Should an entry contain an image, leave the image out and repeat the entry's text exactly.

● **Text-to-region grounding data**

>>>

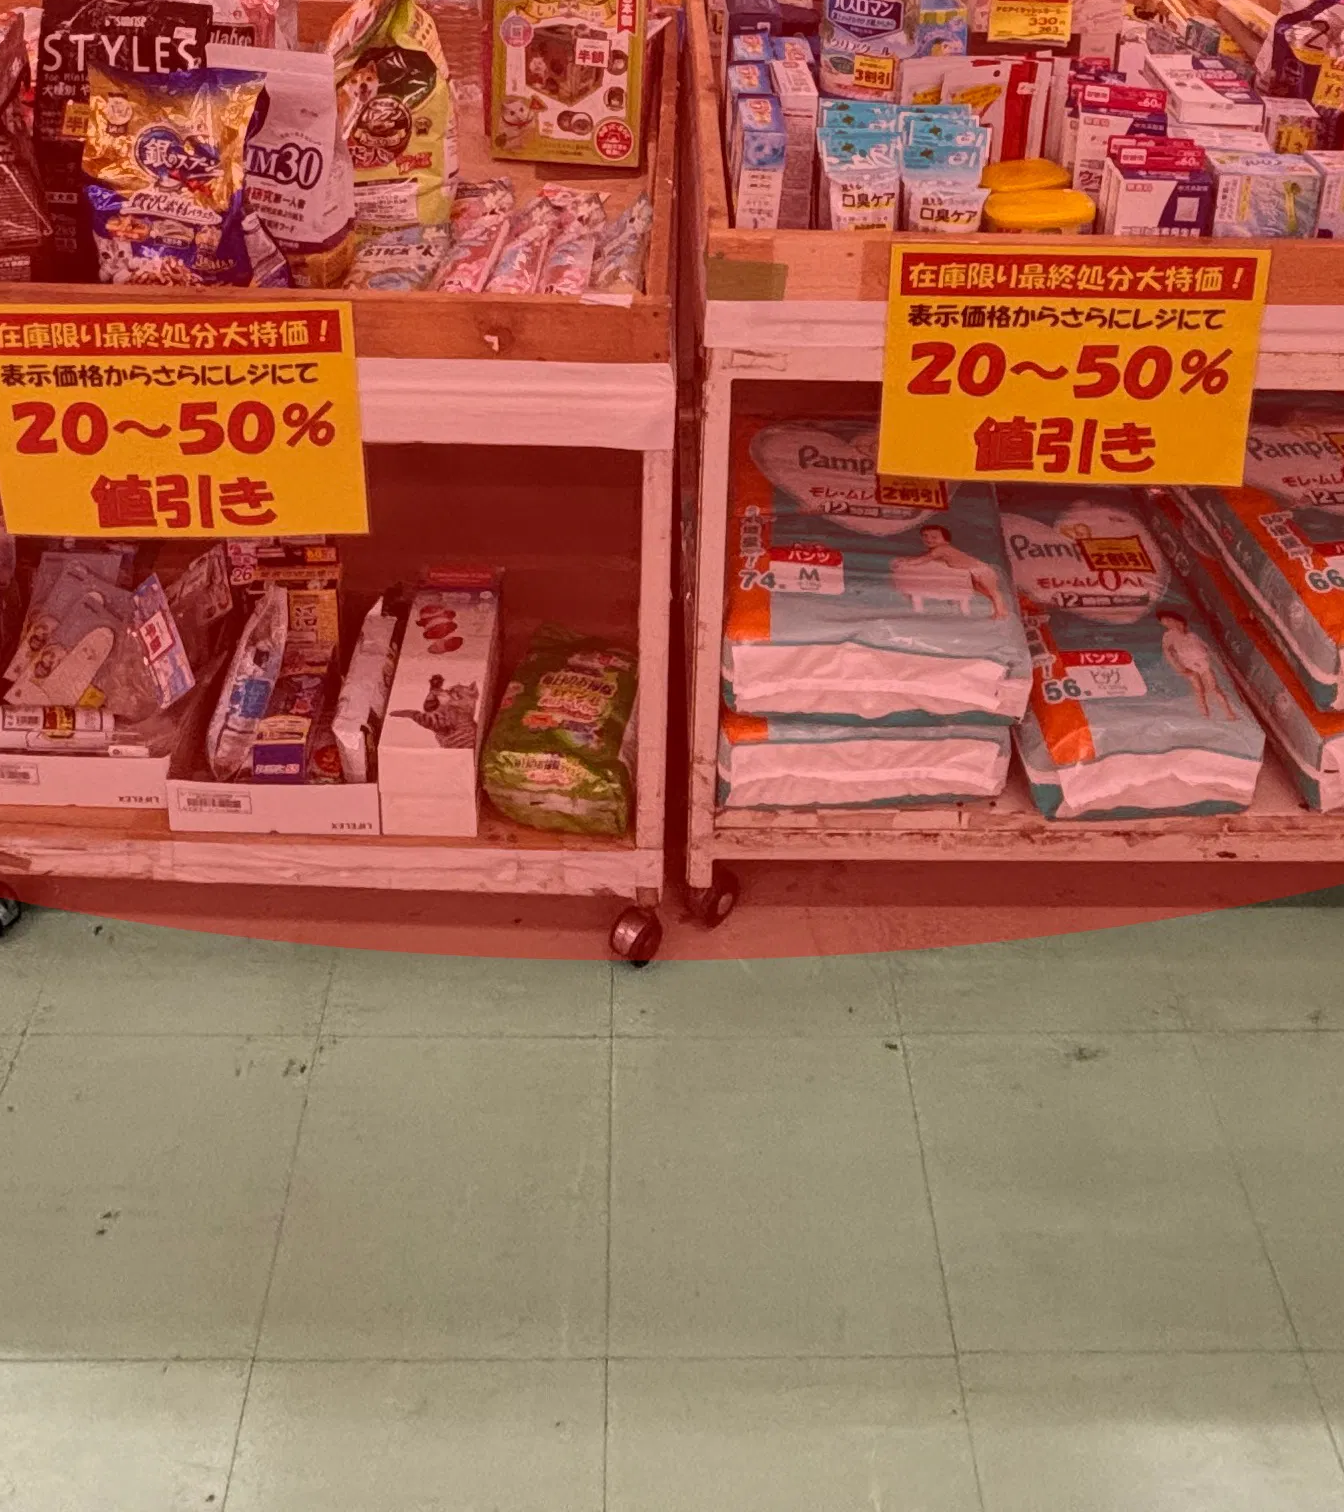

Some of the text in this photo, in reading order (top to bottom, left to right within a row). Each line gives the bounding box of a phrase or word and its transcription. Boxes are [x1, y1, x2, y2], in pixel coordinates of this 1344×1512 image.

[42, 32, 202, 74] STYLES
[842, 191, 895, 209] 口臭ケア
[920, 206, 978, 225] 口臭ケア
[908, 303, 1226, 332] 表示価格からさらにレジにて
[0, 361, 320, 387] 表示価格からさらにレジにて
[973, 415, 1157, 474] 値引き
[90, 473, 278, 530] 値引き
[788, 549, 830, 561] パンツ
[799, 567, 820, 582] M
[1080, 652, 1119, 664] パンツ

<<<

● **RESULT**
Some of the text in this photo, in reading order (top to bottom, left to right within a row). Each line gives the bounding box of a phrase or word and its transcription. Boxes are [x1, y1, x2, y2], in pixel coordinates of this 1344×1512 image.

[42, 32, 202, 74] STYLES
[842, 191, 895, 209] 口臭ケア
[920, 206, 978, 225] 口臭ケア
[908, 303, 1226, 332] 表示価格からさらにレジにて
[0, 361, 320, 387] 表示価格からさらにレジにて
[973, 415, 1157, 474] 値引き
[90, 473, 278, 530] 値引き
[788, 549, 830, 561] パンツ
[799, 567, 820, 582] M
[1080, 652, 1119, 664] パンツ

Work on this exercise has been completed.